WHAT IS BEING ASKED - Reproduce, without alteration, every line of the data; exclude the images.

DATASET EXTRACT -
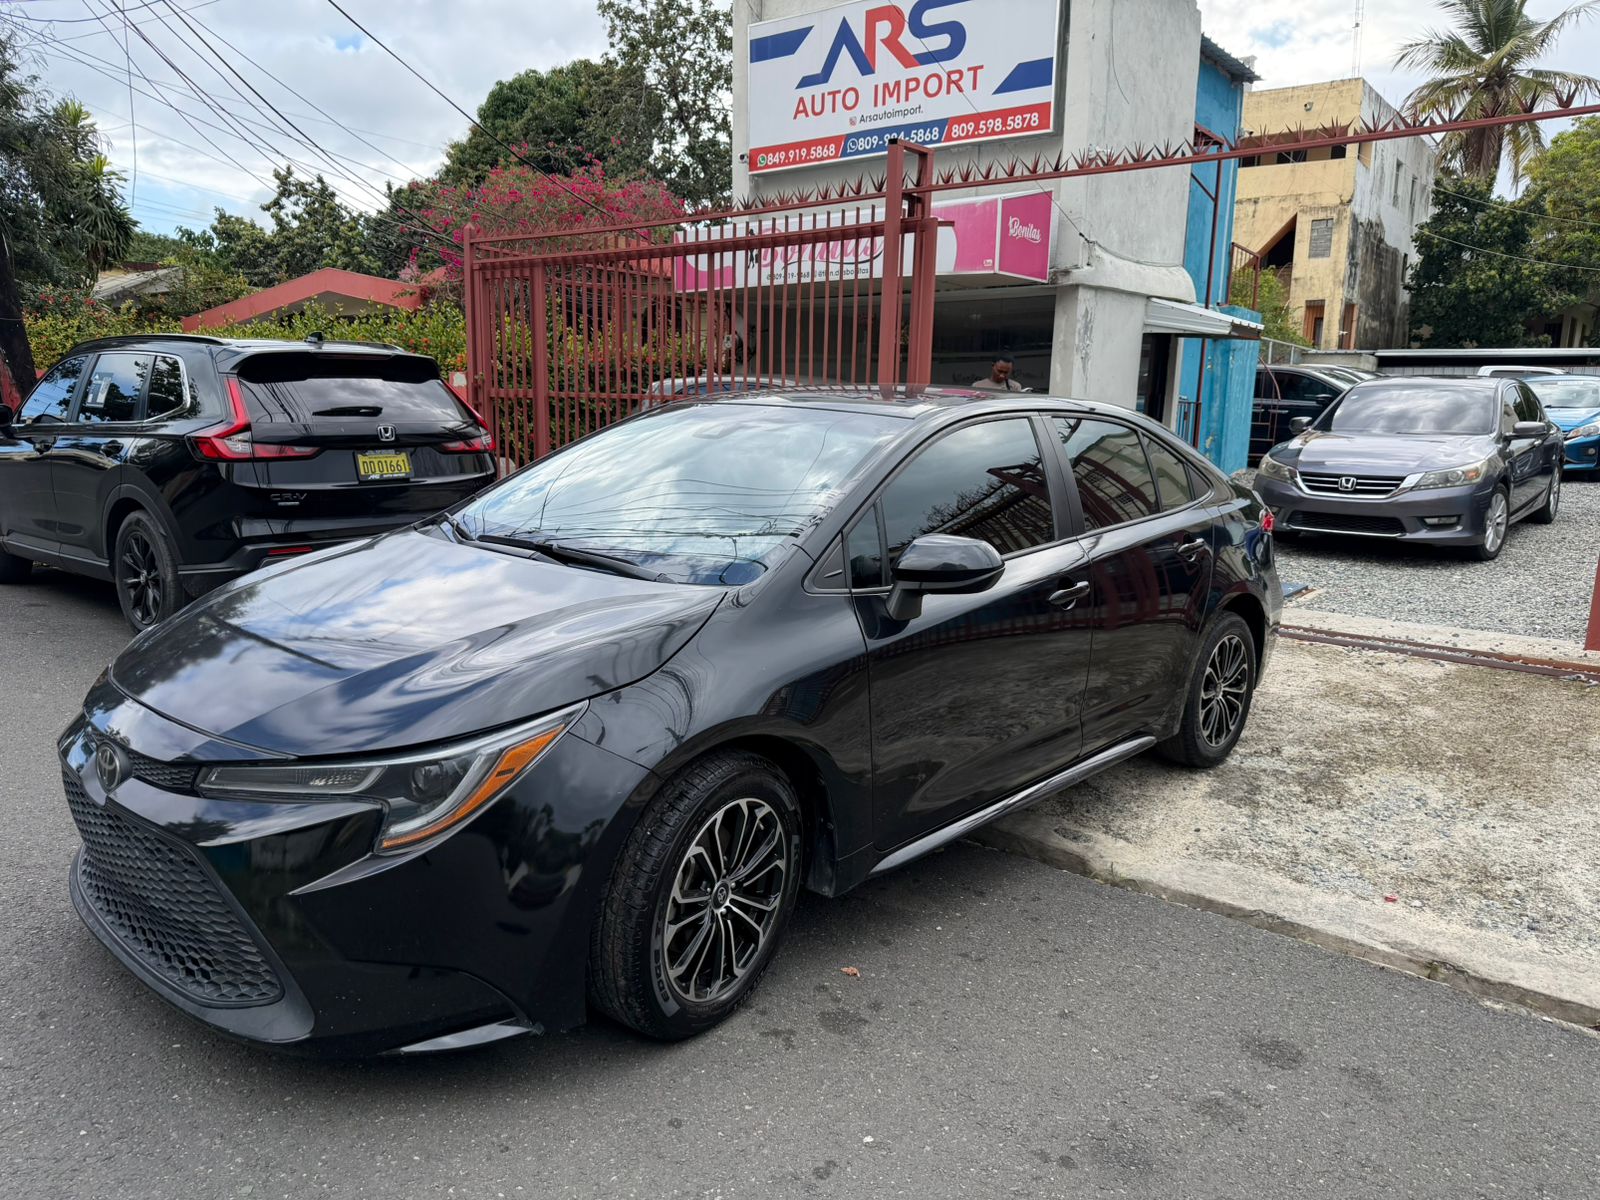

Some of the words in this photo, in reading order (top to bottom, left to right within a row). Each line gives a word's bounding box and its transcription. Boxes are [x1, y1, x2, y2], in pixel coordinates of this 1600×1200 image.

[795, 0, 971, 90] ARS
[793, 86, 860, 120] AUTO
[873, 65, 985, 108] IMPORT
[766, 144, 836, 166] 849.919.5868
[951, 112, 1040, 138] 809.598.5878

SOLUTION BELOW -
Some of the words in this photo, in reading order (top to bottom, left to right within a row). Each line gives a word's bounding box and its transcription. Boxes are [x1, y1, x2, y2], in pixel coordinates of this 1600×1200 image.

[795, 0, 971, 90] ARS
[793, 86, 860, 120] AUTO
[873, 65, 985, 108] IMPORT
[766, 144, 836, 166] 849.919.5868
[951, 112, 1040, 138] 809.598.5878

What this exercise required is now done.